About this task: Copy nothing but the lines from the one containing "Some of the words" through the last line of the entries below, exactly as written and without pictures.

(Free-text object descriptions)
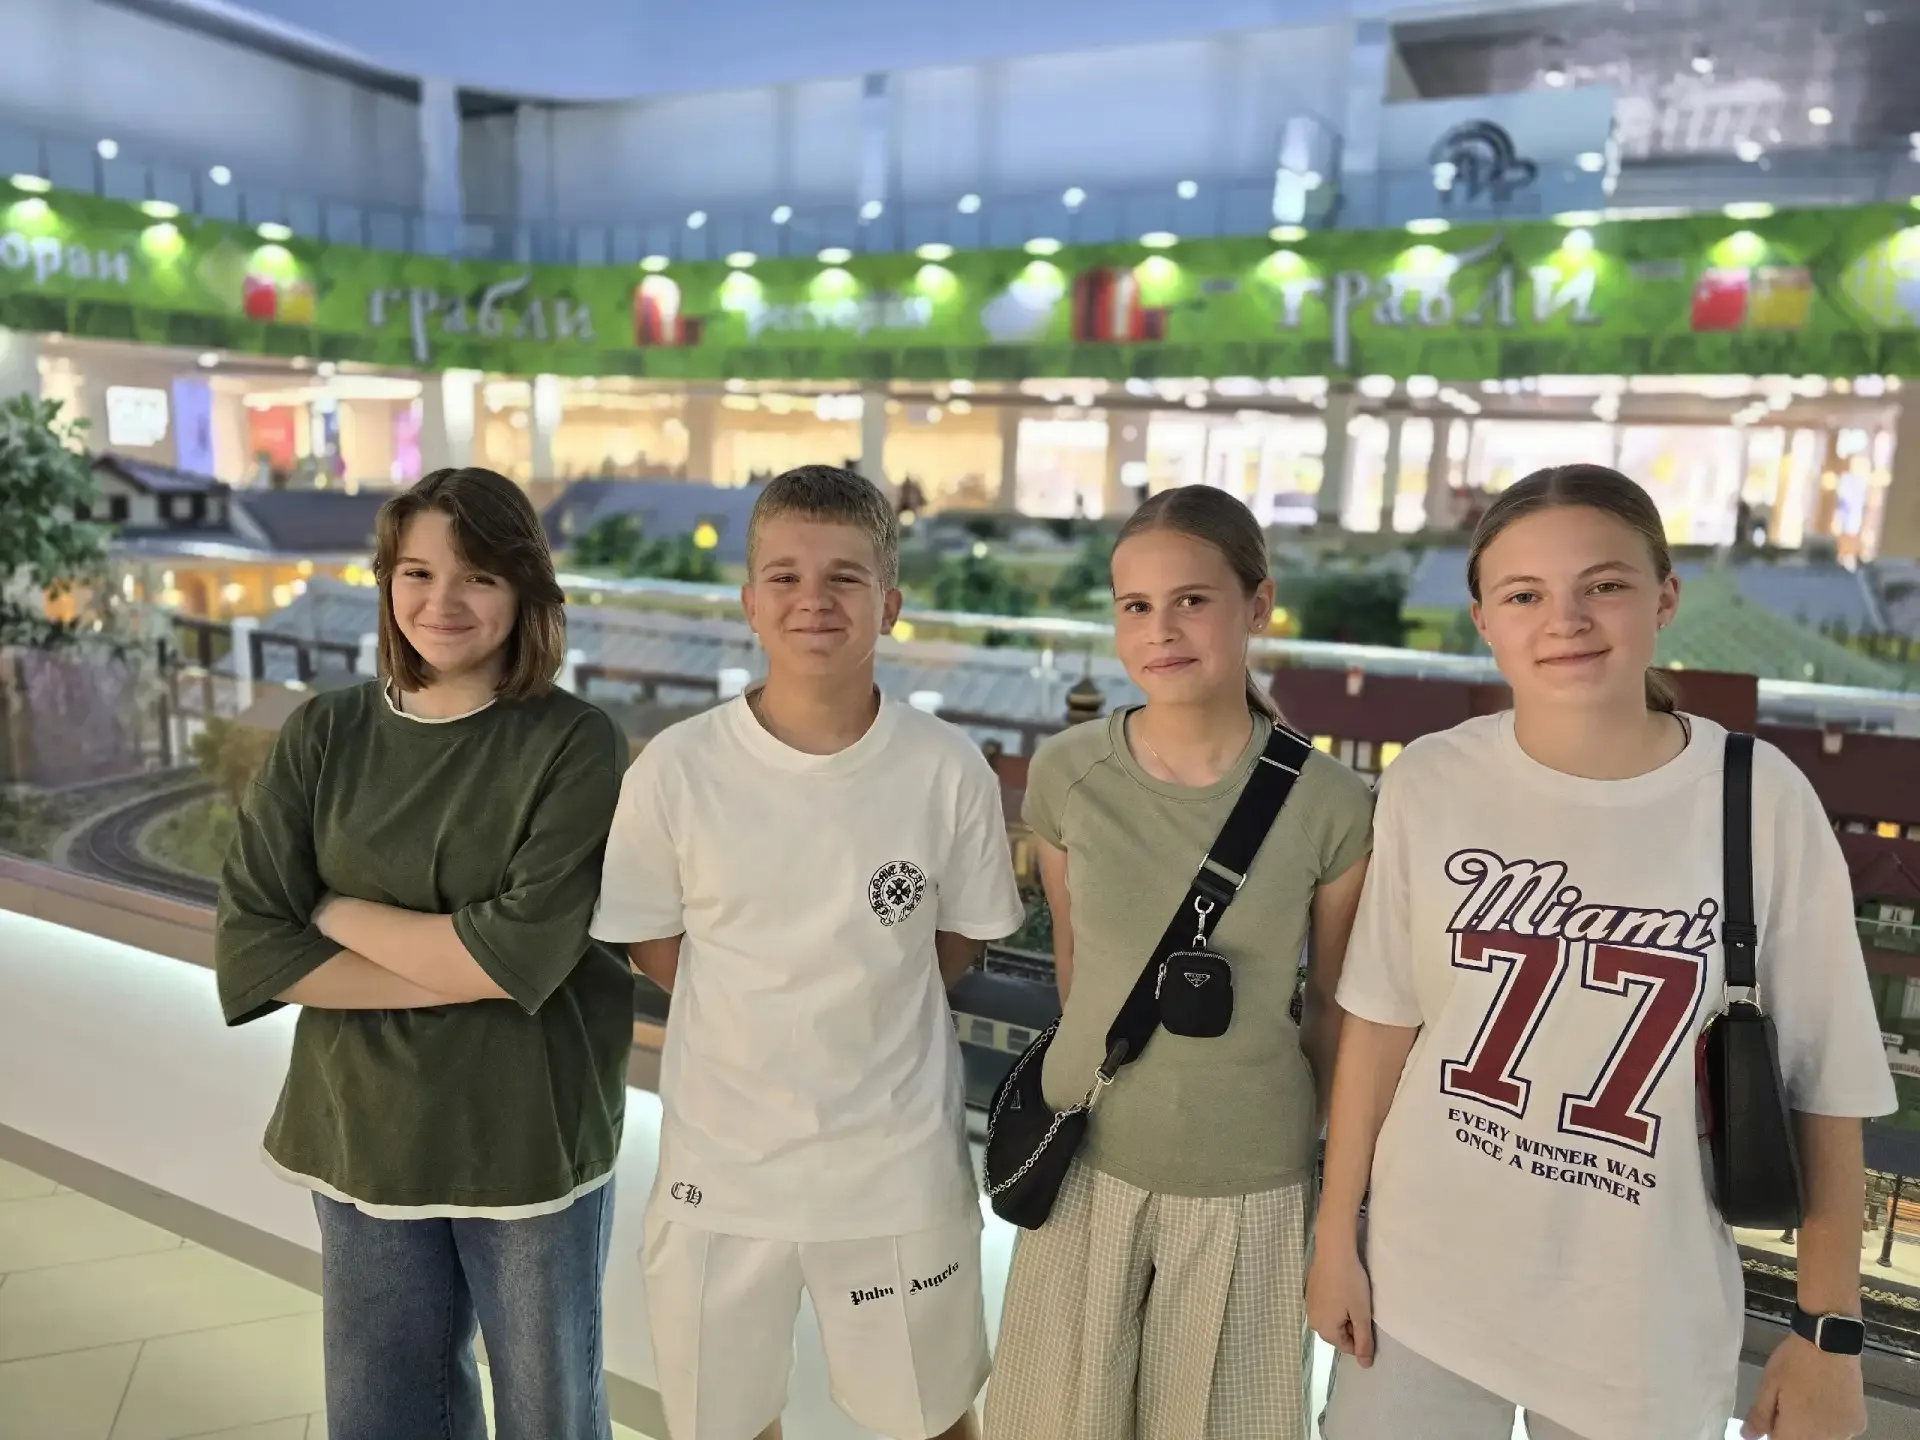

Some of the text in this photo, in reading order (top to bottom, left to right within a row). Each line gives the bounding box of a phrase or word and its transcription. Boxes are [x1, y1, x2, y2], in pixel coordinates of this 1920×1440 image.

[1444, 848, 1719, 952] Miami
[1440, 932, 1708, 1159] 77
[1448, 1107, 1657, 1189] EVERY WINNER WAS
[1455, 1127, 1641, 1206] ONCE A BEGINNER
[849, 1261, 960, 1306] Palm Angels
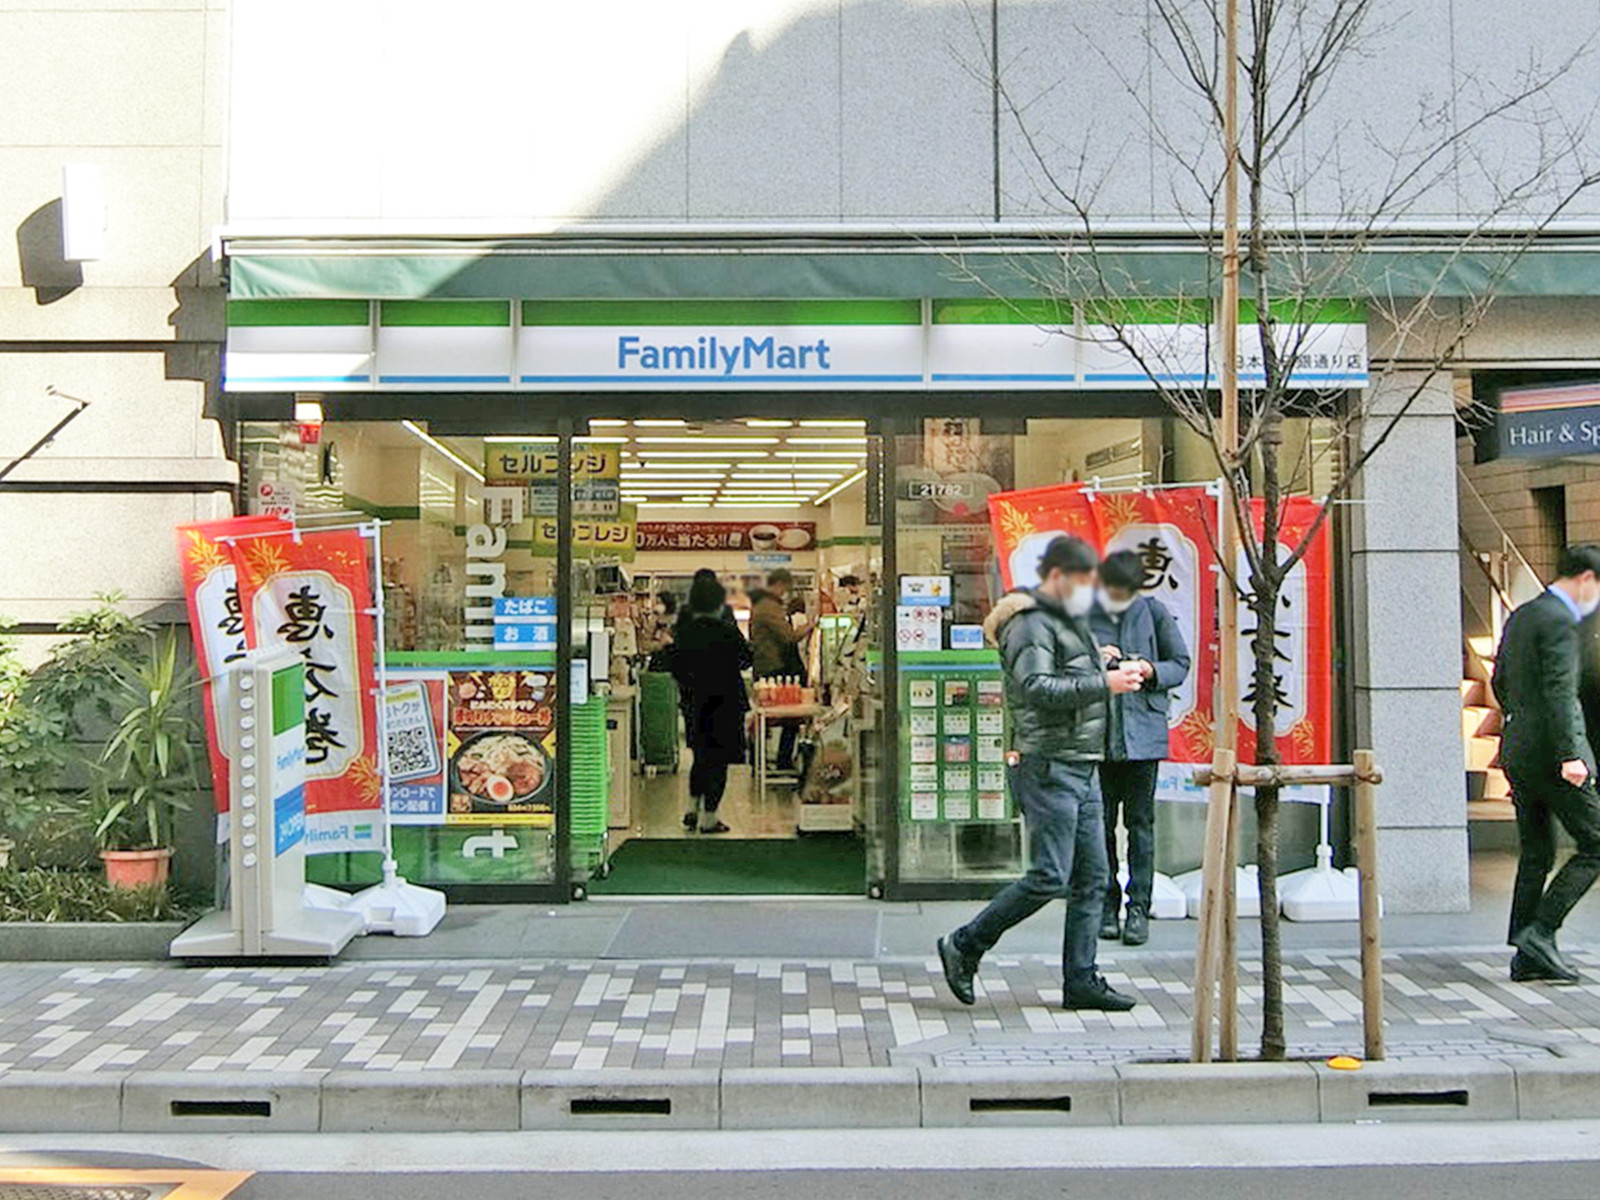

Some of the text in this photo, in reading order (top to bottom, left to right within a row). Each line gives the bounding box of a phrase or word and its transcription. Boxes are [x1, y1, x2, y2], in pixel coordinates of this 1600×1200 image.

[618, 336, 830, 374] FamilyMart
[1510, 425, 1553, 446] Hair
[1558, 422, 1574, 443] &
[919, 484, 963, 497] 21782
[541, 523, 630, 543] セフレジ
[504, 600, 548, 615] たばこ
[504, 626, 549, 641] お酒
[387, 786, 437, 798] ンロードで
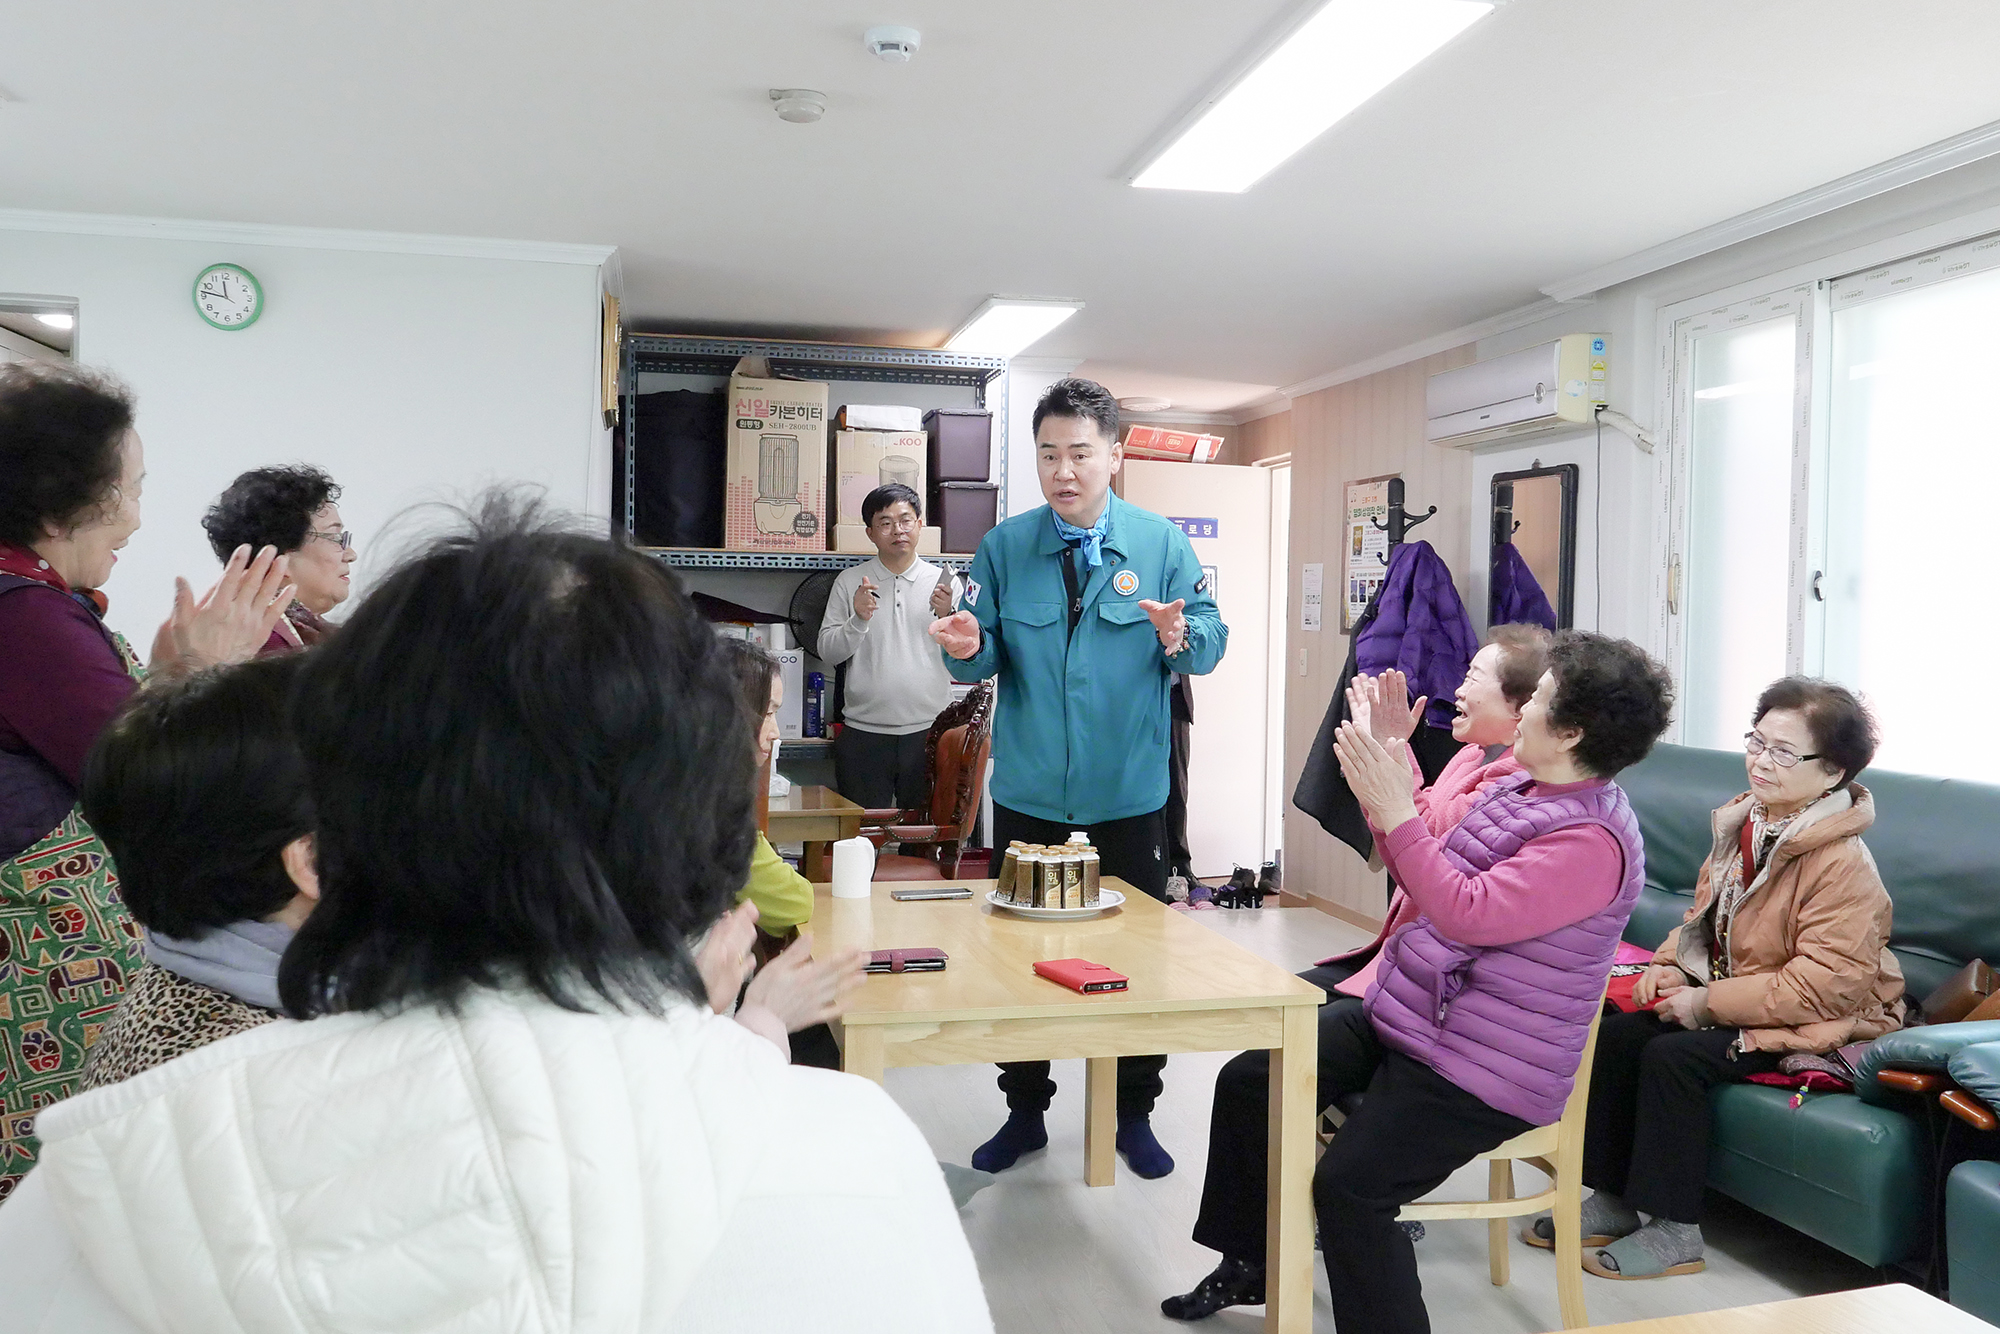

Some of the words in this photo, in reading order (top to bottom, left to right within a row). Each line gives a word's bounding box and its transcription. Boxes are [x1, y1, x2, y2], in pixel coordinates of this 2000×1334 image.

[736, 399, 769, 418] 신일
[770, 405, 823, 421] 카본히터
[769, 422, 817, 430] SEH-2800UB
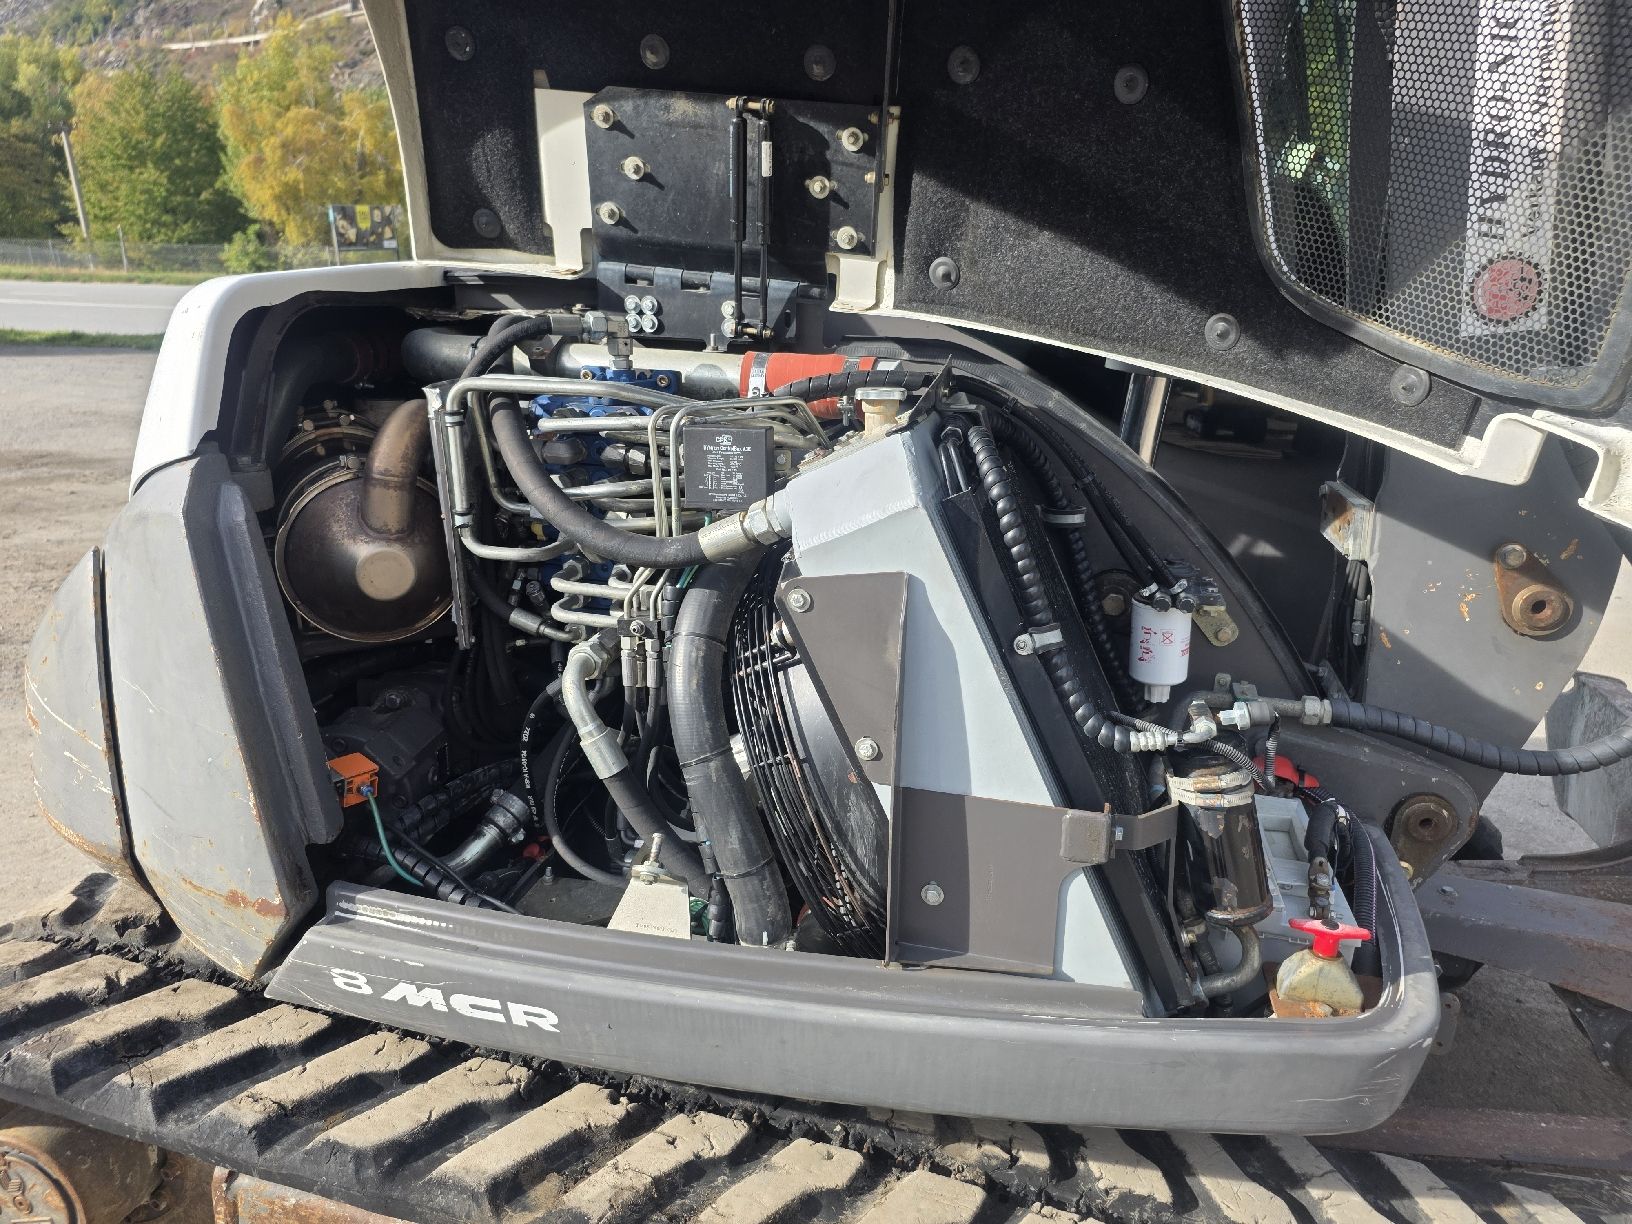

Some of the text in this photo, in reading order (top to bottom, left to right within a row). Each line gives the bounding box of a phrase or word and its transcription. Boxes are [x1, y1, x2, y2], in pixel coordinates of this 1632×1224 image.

Exercise response:
Some of the words in this photo, in reading order (top to bottom, left to right within a row). Each line gives a word's bounding box and its transcription. Boxes are [x1, y1, x2, y2], in pixel coordinates of this 2000×1334 image.

[736, 399, 769, 418] 신일
[770, 405, 823, 421] 카본히터
[769, 422, 817, 430] SEH-2800UB

Some of the text in this photo, in reading order (top to bottom, left to right within a row). Each line gives the bounding box of a phrase or word and its transcription. Boxes are [x1, y1, x2, y2], in pixel coordinates of this 1632×1224 image.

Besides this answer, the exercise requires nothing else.